**TASK STATEMENT:**
Transcribe all the entries word for word, but omit the images.

**Dataset items:**
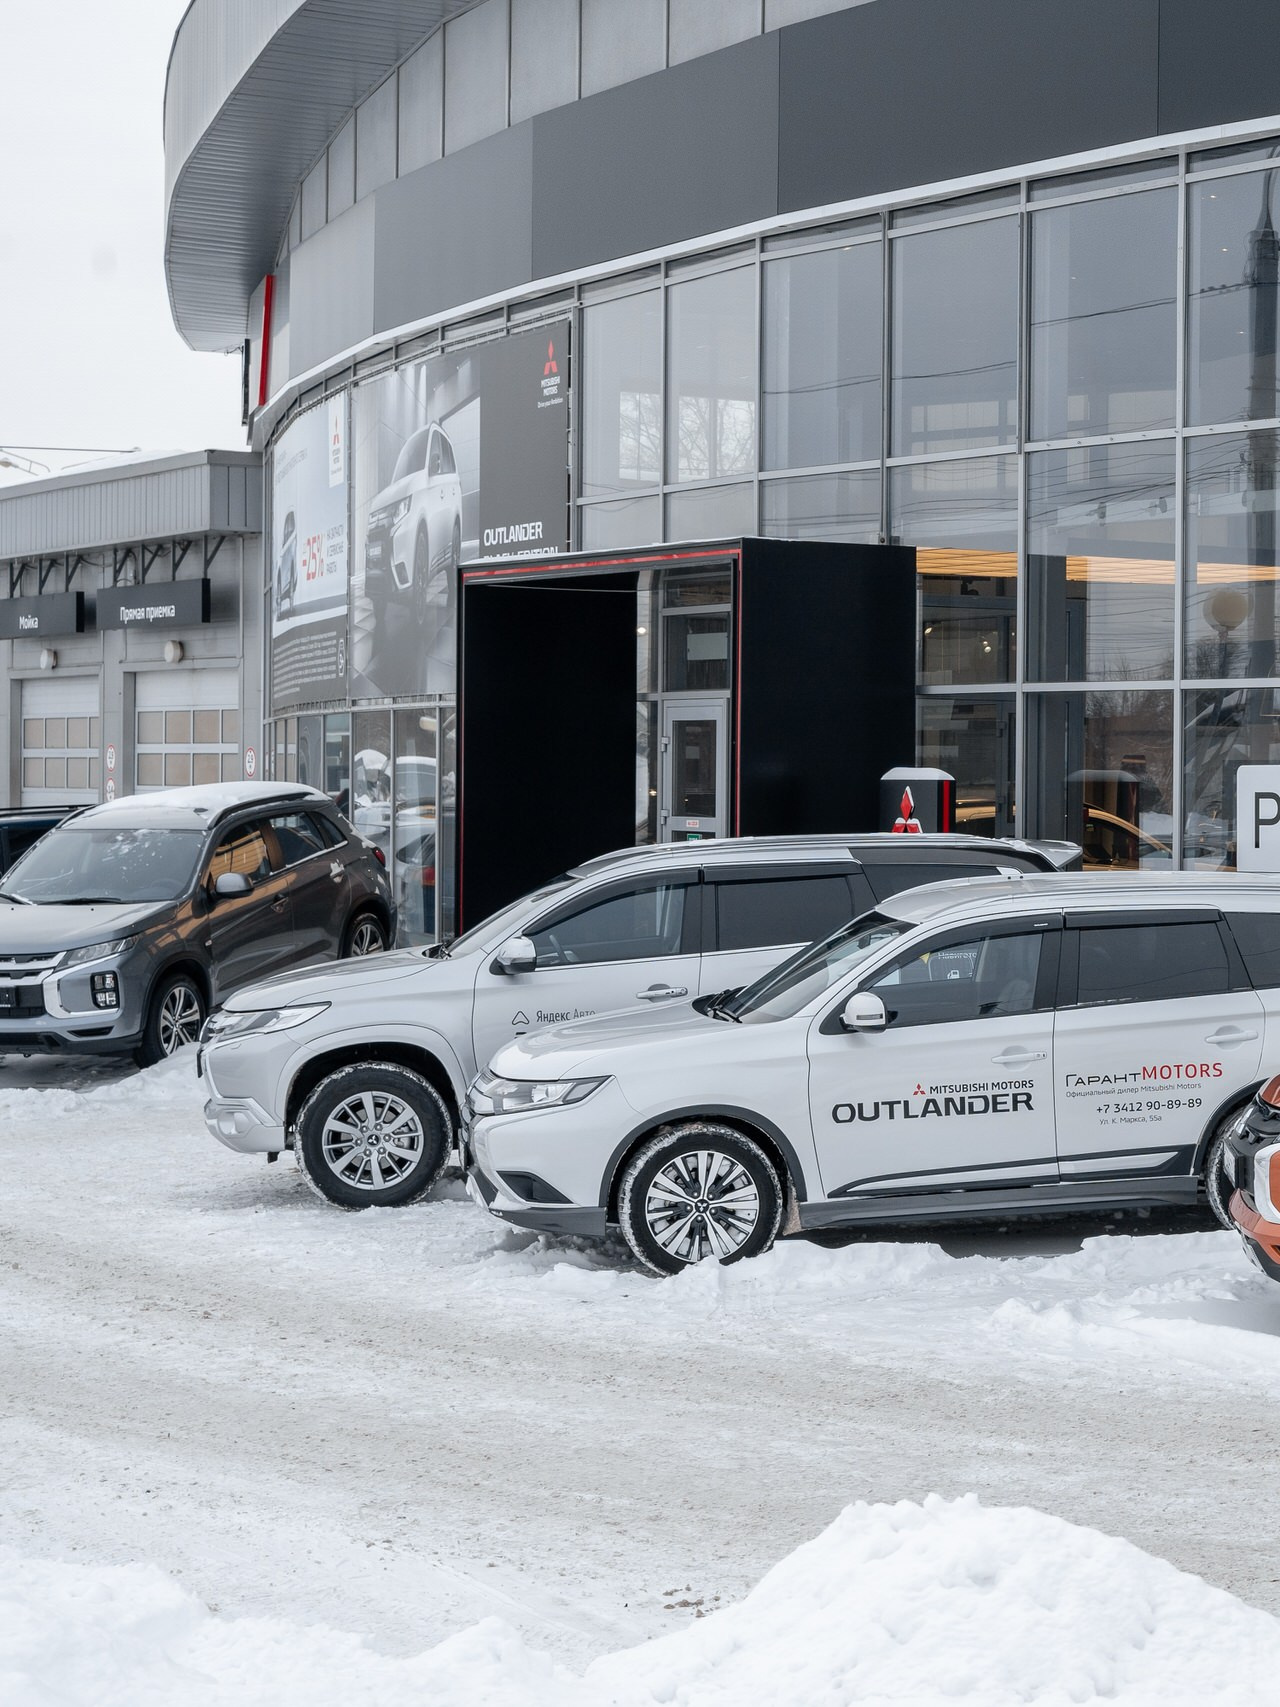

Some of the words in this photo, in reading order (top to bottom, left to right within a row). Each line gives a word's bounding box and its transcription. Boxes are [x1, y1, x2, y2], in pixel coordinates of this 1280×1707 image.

[483, 521, 543, 547] OUTLANDER
[19, 614, 39, 630] Мойка
[119, 606, 146, 624] Прямая
[146, 604, 176, 622] приемка
[536, 1010, 571, 1024] Яндекс
[929, 1083, 989, 1095] MITSUBISHI
[991, 1079, 1034, 1091] MOTORS
[1065, 1087, 1116, 1099] Официальный
[1117, 1087, 1139, 1095] дилер
[1140, 1084, 1175, 1093] Mitsubishi
[1176, 1082, 1202, 1090] Motors
[831, 1091, 1035, 1124] OUTLANDER
[1096, 1104, 1110, 1114] +7
[1113, 1102, 1143, 1113] 3412
[1146, 1097, 1203, 1110] 90-89-89
[1119, 1115, 1148, 1125] Маркса,

**YOUR RESPONSE:**
Some of the words in this photo, in reading order (top to bottom, left to right within a row). Each line gives a word's bounding box and its transcription. Boxes are [x1, y1, x2, y2], in pixel coordinates of this 1280×1707 image.

[483, 521, 543, 547] OUTLANDER
[19, 614, 39, 630] Мойка
[119, 606, 146, 624] Прямая
[146, 604, 176, 622] приемка
[536, 1010, 571, 1024] Яндекс
[929, 1083, 989, 1095] MITSUBISHI
[991, 1079, 1034, 1091] MOTORS
[1065, 1087, 1116, 1099] Официальный
[1117, 1087, 1139, 1095] дилер
[1140, 1084, 1175, 1093] Mitsubishi
[1176, 1082, 1202, 1090] Motors
[831, 1091, 1035, 1124] OUTLANDER
[1096, 1104, 1110, 1114] +7
[1113, 1102, 1143, 1113] 3412
[1146, 1097, 1203, 1110] 90-89-89
[1119, 1115, 1148, 1125] Маркса,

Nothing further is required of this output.